[Exercise directions]: The whole listing, repeated exactly, is what this task asks for.

(Records begins)

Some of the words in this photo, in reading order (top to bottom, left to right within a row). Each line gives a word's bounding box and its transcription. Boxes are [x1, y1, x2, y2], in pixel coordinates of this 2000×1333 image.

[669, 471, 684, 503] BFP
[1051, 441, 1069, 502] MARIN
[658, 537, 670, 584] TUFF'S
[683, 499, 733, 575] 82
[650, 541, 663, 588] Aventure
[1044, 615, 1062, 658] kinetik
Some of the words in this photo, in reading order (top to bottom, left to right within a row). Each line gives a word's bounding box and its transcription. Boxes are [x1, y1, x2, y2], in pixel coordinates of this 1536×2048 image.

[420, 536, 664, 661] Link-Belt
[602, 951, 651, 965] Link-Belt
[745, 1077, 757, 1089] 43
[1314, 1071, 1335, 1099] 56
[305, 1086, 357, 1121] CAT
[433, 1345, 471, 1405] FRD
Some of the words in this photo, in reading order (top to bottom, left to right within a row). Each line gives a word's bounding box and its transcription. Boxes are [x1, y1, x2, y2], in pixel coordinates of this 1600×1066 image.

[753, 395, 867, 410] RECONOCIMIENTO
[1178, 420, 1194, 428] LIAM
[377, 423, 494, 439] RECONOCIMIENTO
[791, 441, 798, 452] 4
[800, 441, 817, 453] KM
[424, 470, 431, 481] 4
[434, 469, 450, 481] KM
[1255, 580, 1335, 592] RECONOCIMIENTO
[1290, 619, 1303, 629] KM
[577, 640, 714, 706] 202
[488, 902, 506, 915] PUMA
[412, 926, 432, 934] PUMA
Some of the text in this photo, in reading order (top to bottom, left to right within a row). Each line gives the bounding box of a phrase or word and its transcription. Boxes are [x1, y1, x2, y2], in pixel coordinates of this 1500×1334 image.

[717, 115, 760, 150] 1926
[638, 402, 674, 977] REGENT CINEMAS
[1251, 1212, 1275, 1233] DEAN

(Records ends)

[Task output]:
Some of the words in this photo, in reading order (top to bottom, left to right within a row). Each line gives a word's bounding box and its transcription. Boxes are [x1, y1, x2, y2], in pixel coordinates of this 2000×1333 image.

[669, 471, 684, 503] BFP
[1051, 441, 1069, 502] MARIN
[658, 537, 670, 584] TUFF'S
[683, 499, 733, 575] 82
[650, 541, 663, 588] Aventure
[1044, 615, 1062, 658] kinetik
Some of the words in this photo, in reading order (top to bottom, left to right within a row). Each line gives a word's bounding box and its transcription. Boxes are [x1, y1, x2, y2], in pixel coordinates of this 1536×2048 image.

[420, 536, 664, 661] Link-Belt
[602, 951, 651, 965] Link-Belt
[745, 1077, 757, 1089] 43
[1314, 1071, 1335, 1099] 56
[305, 1086, 357, 1121] CAT
[433, 1345, 471, 1405] FRD
Some of the words in this photo, in reading order (top to bottom, left to right within a row). Each line gives a word's bounding box and its transcription. Boxes are [x1, y1, x2, y2], in pixel coordinates of this 1600×1066 image.

[753, 395, 867, 410] RECONOCIMIENTO
[1178, 420, 1194, 428] LIAM
[377, 423, 494, 439] RECONOCIMIENTO
[791, 441, 798, 452] 4
[800, 441, 817, 453] KM
[424, 470, 431, 481] 4
[434, 469, 450, 481] KM
[1255, 580, 1335, 592] RECONOCIMIENTO
[1290, 619, 1303, 629] KM
[577, 640, 714, 706] 202
[488, 902, 506, 915] PUMA
[412, 926, 432, 934] PUMA
Some of the text in this photo, in reading order (top to bottom, left to right within a row). Each line gives the bounding box of a phrase or word and its transcription. Boxes are [x1, y1, x2, y2], in pixel coordinates of this 1500×1334 image.

[717, 115, 760, 150] 1926
[638, 402, 674, 977] REGENT CINEMAS
[1251, 1212, 1275, 1233] DEAN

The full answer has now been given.